▶ **Work request**
Give every entry again, unchanged, and leave its images out.

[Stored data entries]
⁂
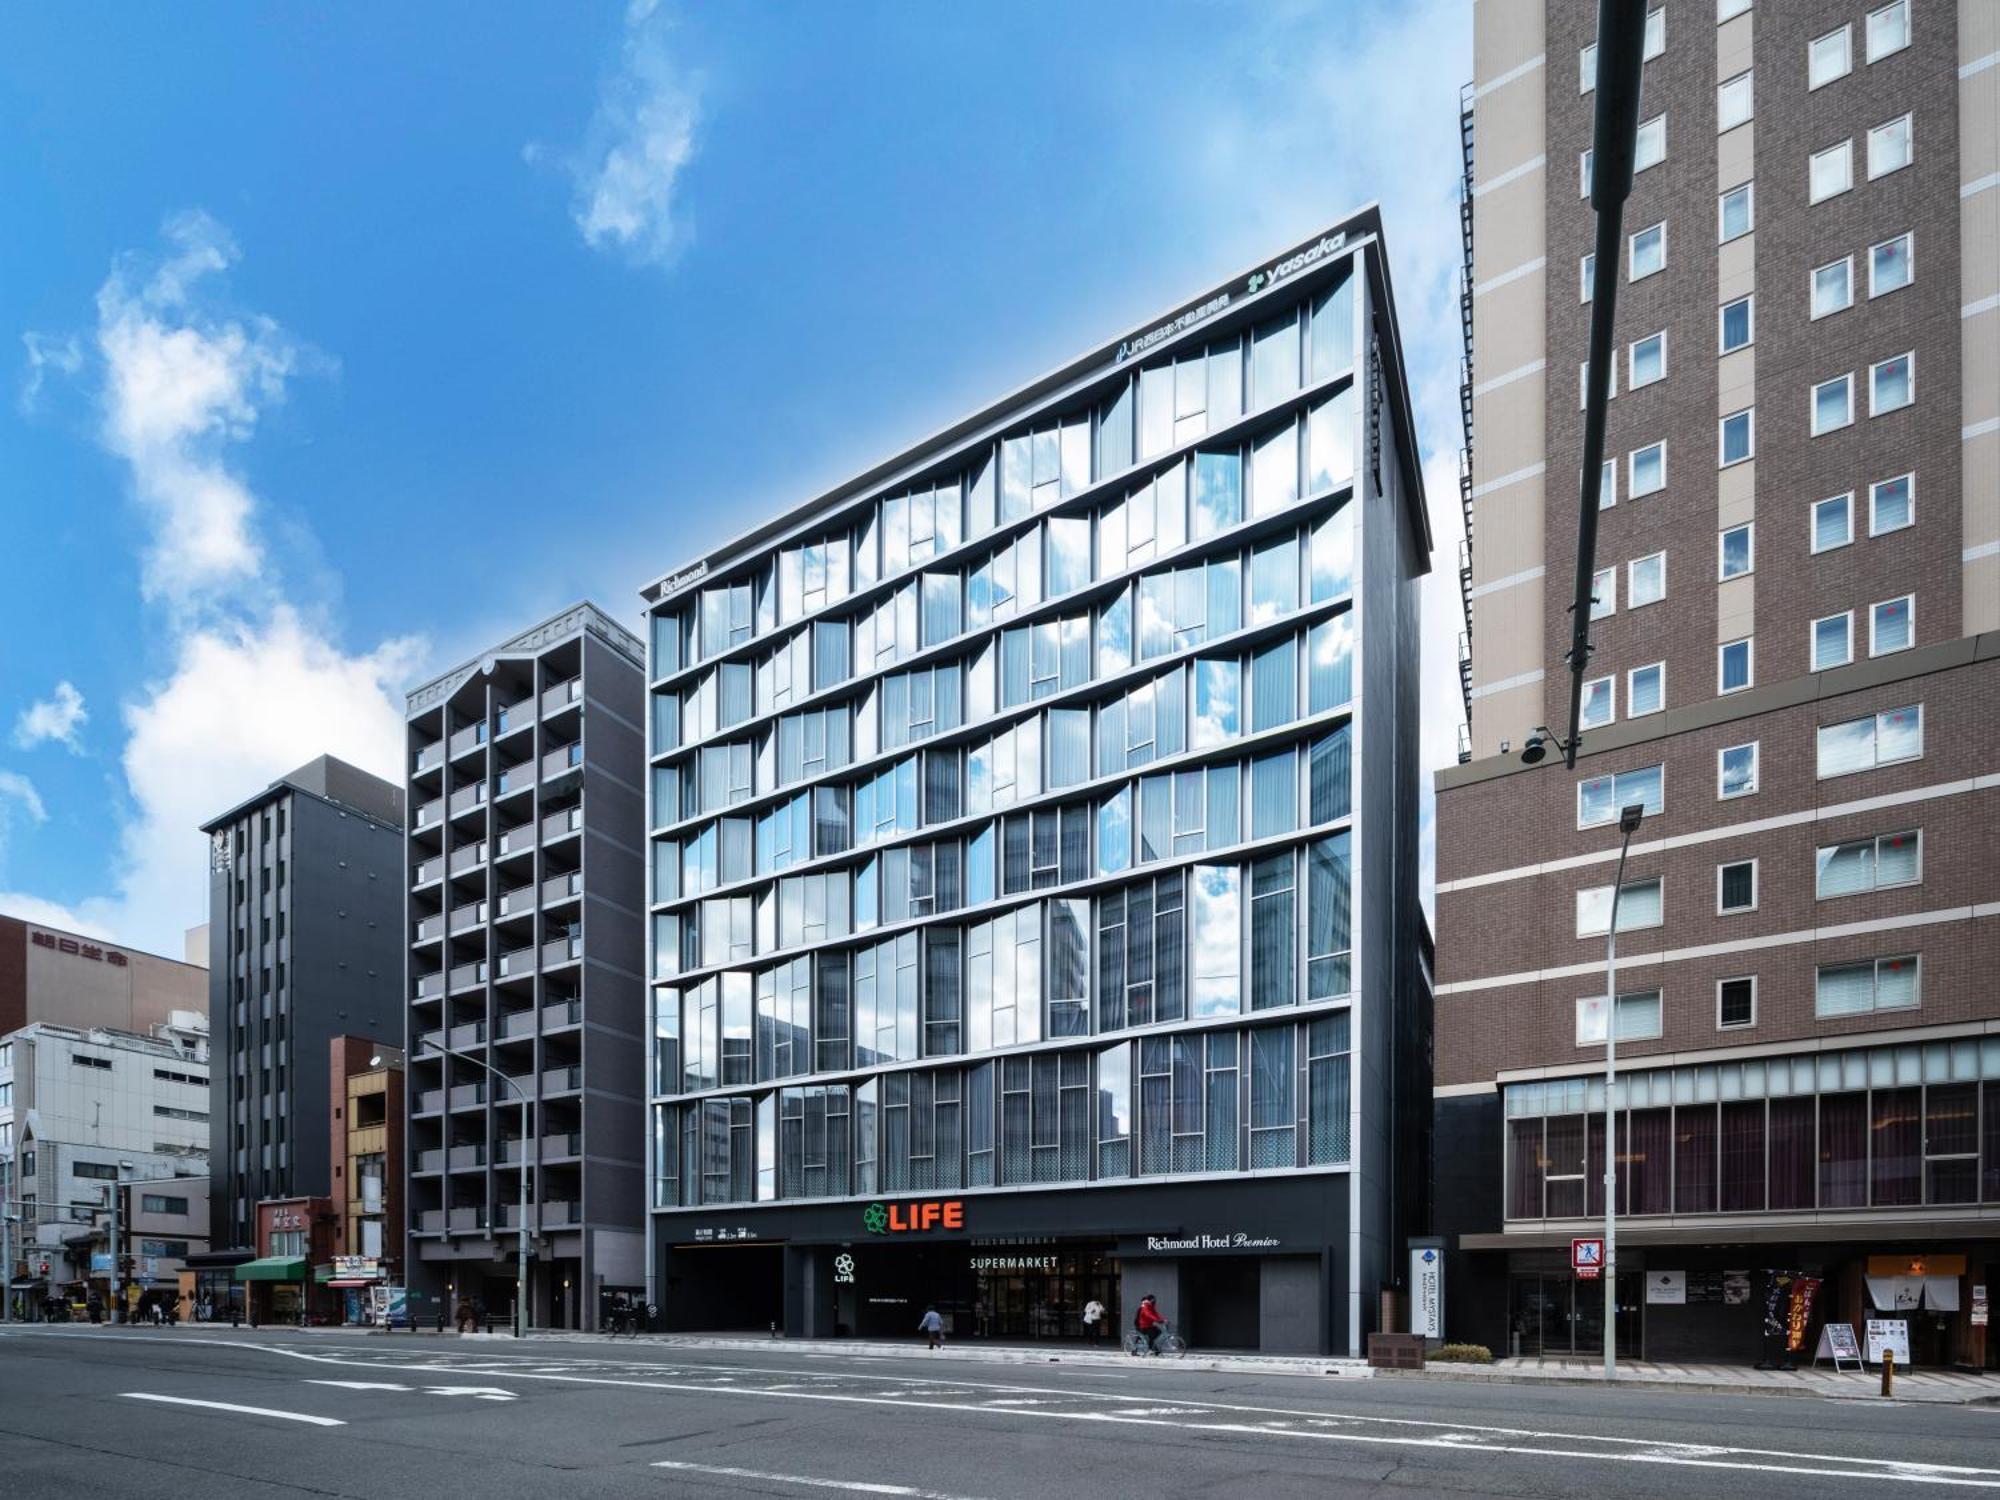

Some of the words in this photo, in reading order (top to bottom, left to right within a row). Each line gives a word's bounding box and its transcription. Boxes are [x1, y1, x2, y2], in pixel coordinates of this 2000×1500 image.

[1266, 231, 1346, 286] yasaka
[660, 559, 709, 598] Richmond
[889, 1202, 963, 1231] LIFE
[1147, 1236, 1200, 1251] Richmond
[1201, 1234, 1230, 1249] Hotel
[1231, 1232, 1281, 1248] Premier
[970, 1256, 1058, 1269] SUPERMARKET
[1427, 1272, 1437, 1295] HOTEL
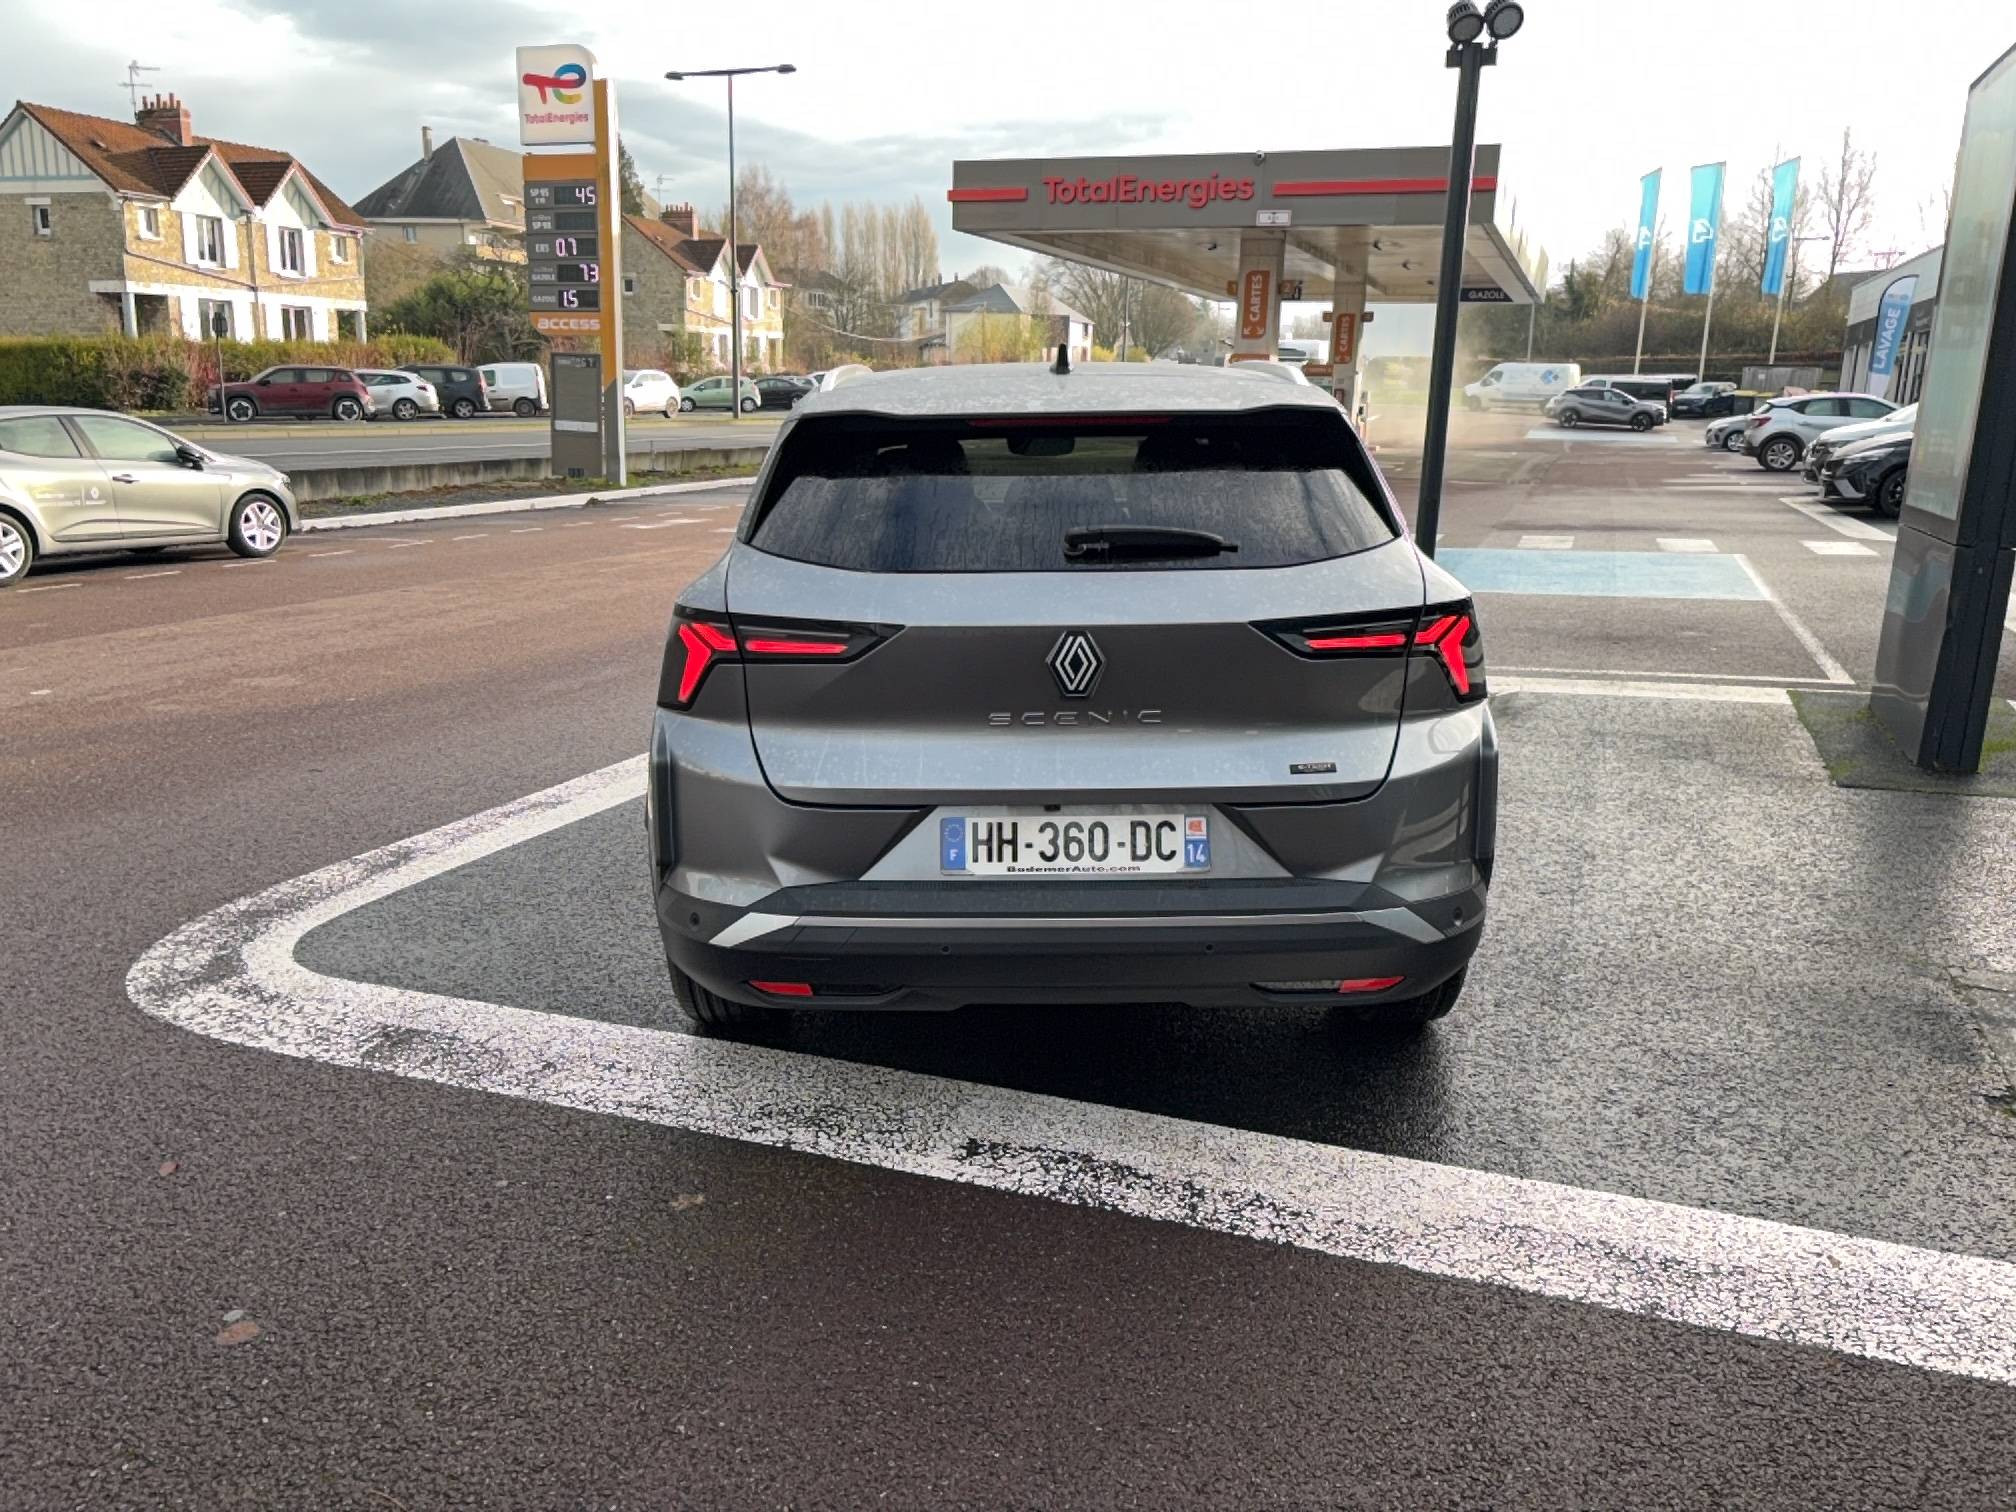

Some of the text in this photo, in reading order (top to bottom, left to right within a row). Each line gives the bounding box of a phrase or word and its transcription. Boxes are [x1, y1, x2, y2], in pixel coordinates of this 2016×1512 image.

[524, 112, 589, 125] TotalEnergies
[575, 186, 596, 205] 45
[1043, 171, 1255, 209] TotalEnergies
[1249, 274, 1263, 322] CARTES
[1872, 307, 1902, 369] LAVAGE
[988, 709, 1163, 726] SCENIC
[972, 820, 1177, 863] HH-360-DC
[949, 850, 959, 861] F
[1187, 843, 1207, 864] 14
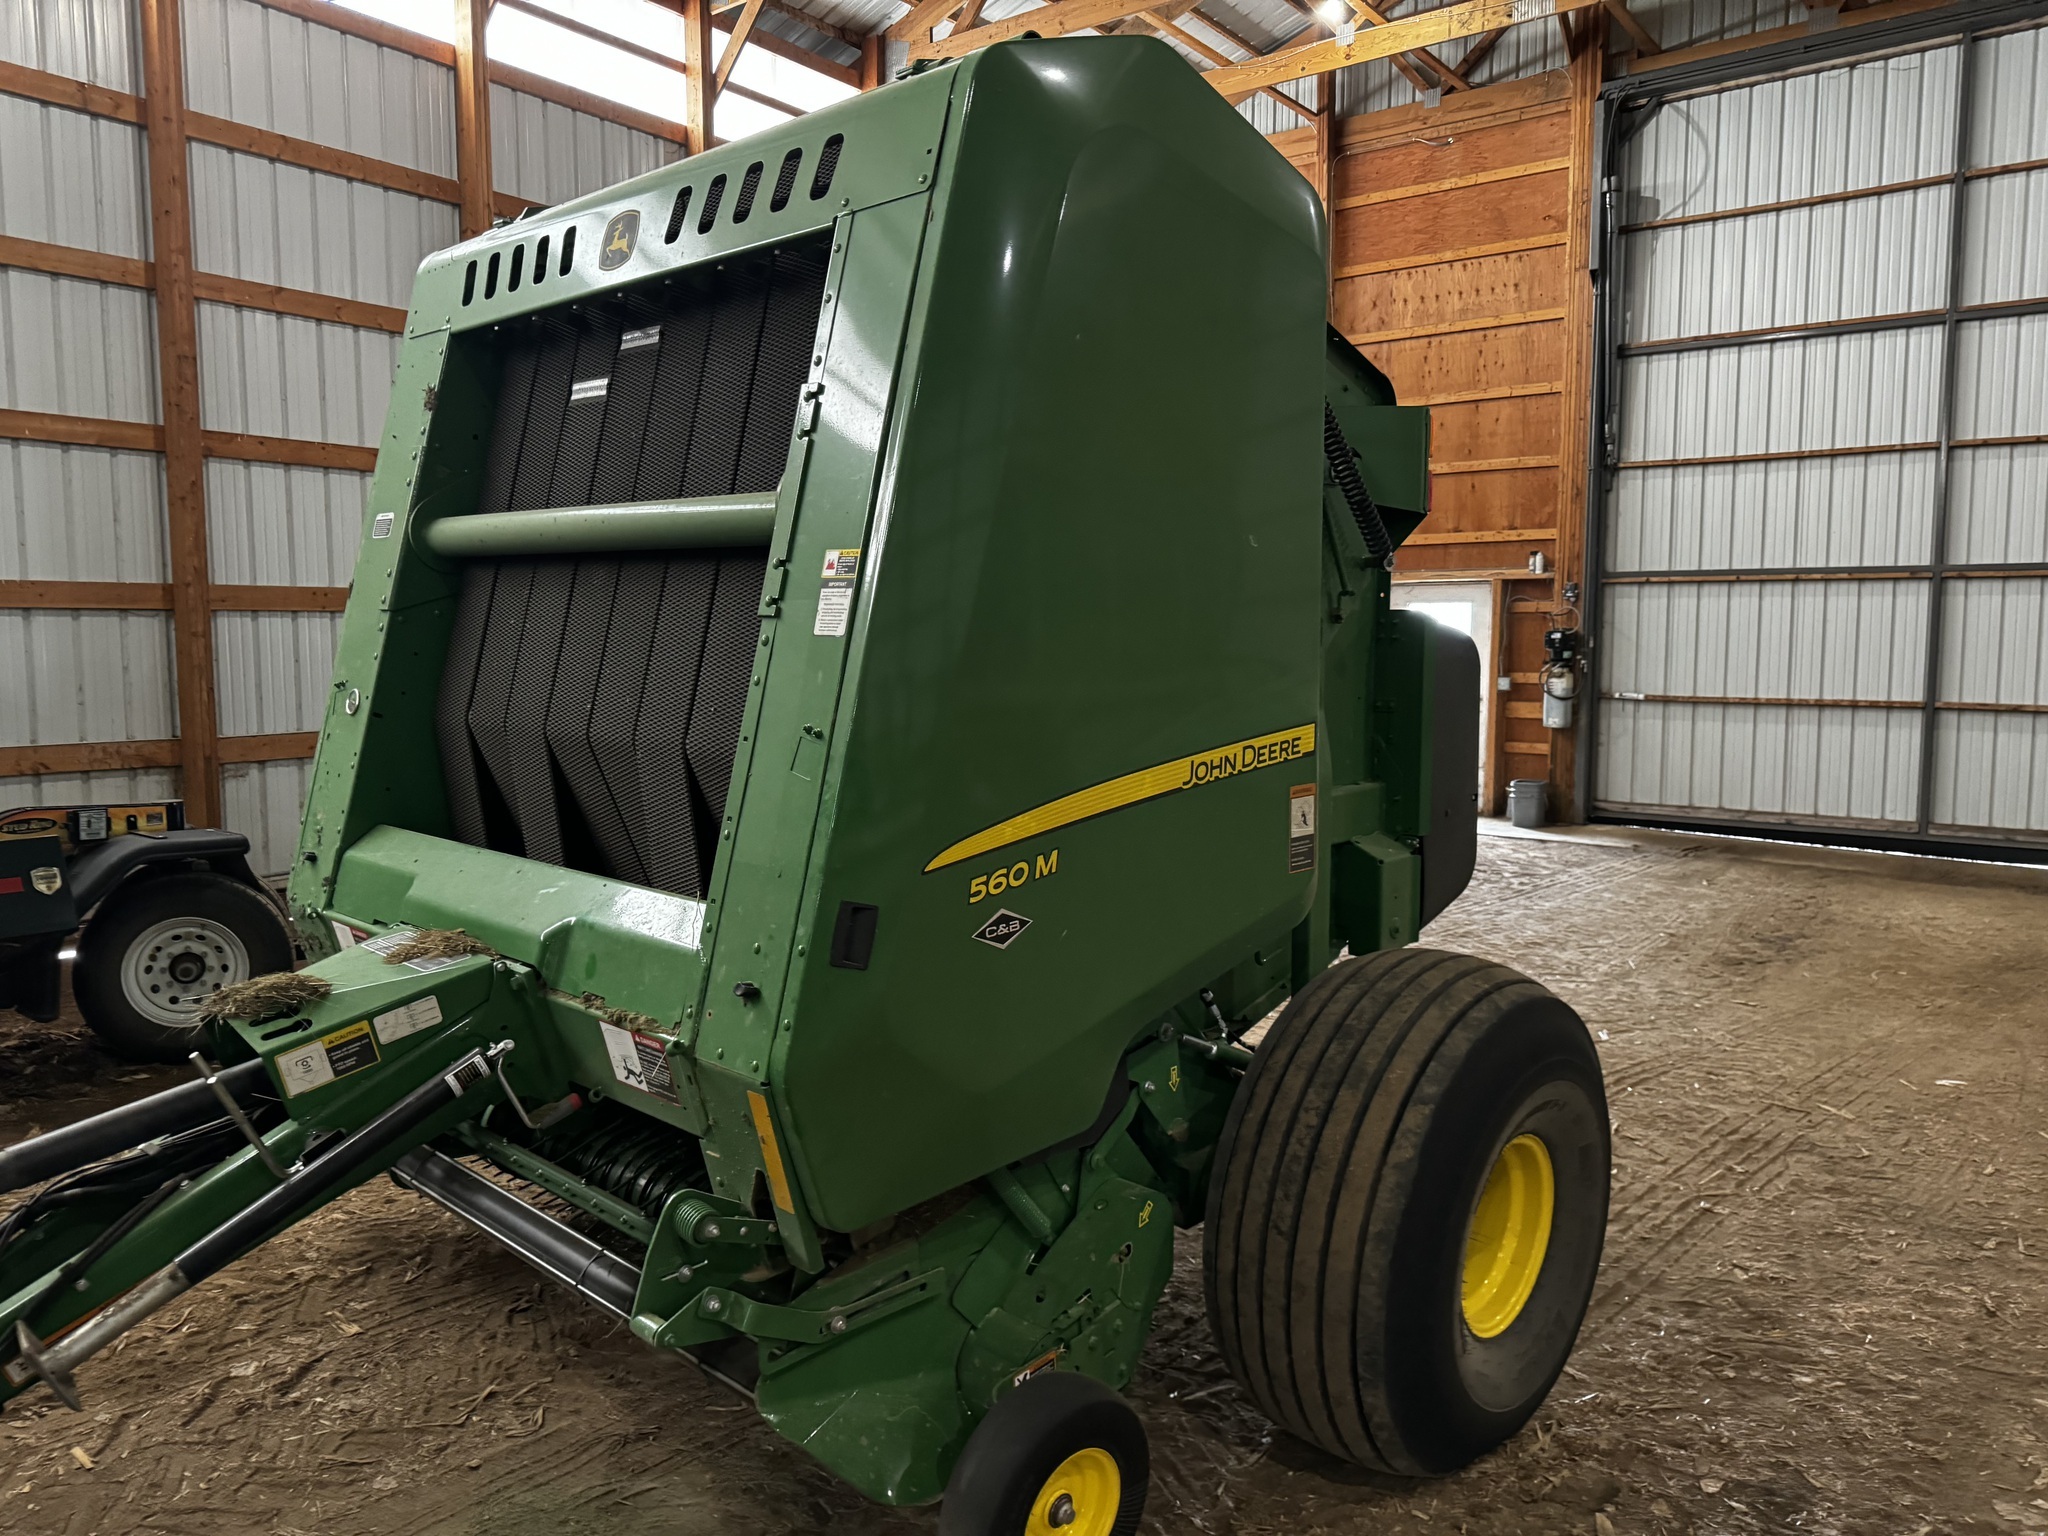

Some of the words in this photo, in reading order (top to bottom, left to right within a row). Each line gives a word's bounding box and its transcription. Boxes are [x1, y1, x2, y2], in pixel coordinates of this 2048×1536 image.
⁂
▶ **Exercise solution**
Some of the words in this photo, in reading order (top to bottom, left to right within a row). Each line gives a word's bounding box and its transcription. Boxes are [x1, y1, x2, y2], in pixel coordinates of this 2000×1500 image.

[1266, 231, 1346, 286] yasaka
[660, 559, 709, 598] Richmond
[889, 1202, 963, 1231] LIFE
[1147, 1236, 1200, 1251] Richmond
[1201, 1234, 1230, 1249] Hotel
[1231, 1232, 1281, 1248] Premier
[970, 1256, 1058, 1269] SUPERMARKET
[1427, 1272, 1437, 1295] HOTEL

Some of the text in this photo, in reading order (top to bottom, left to right within a row). Each line gives the bounding box of a phrase or word and its transcription. Boxes are [x1, y1, x2, y2], in pixel coordinates of this 2016×1512 image.

[524, 112, 589, 125] TotalEnergies
[575, 186, 596, 205] 45
[1043, 171, 1255, 209] TotalEnergies
[1249, 274, 1263, 322] CARTES
[1872, 307, 1902, 369] LAVAGE
[988, 709, 1163, 726] SCENIC
[972, 820, 1177, 863] HH-360-DC
[949, 850, 959, 861] F
[1187, 843, 1207, 864] 14

Some of the words in this photo, in reading order (top to bottom, left to right within a row). Each line gives a word's bounding box and its transcription. Boxes are [x1, y1, x2, y2], in pixel coordinates of this 2048×1536 image.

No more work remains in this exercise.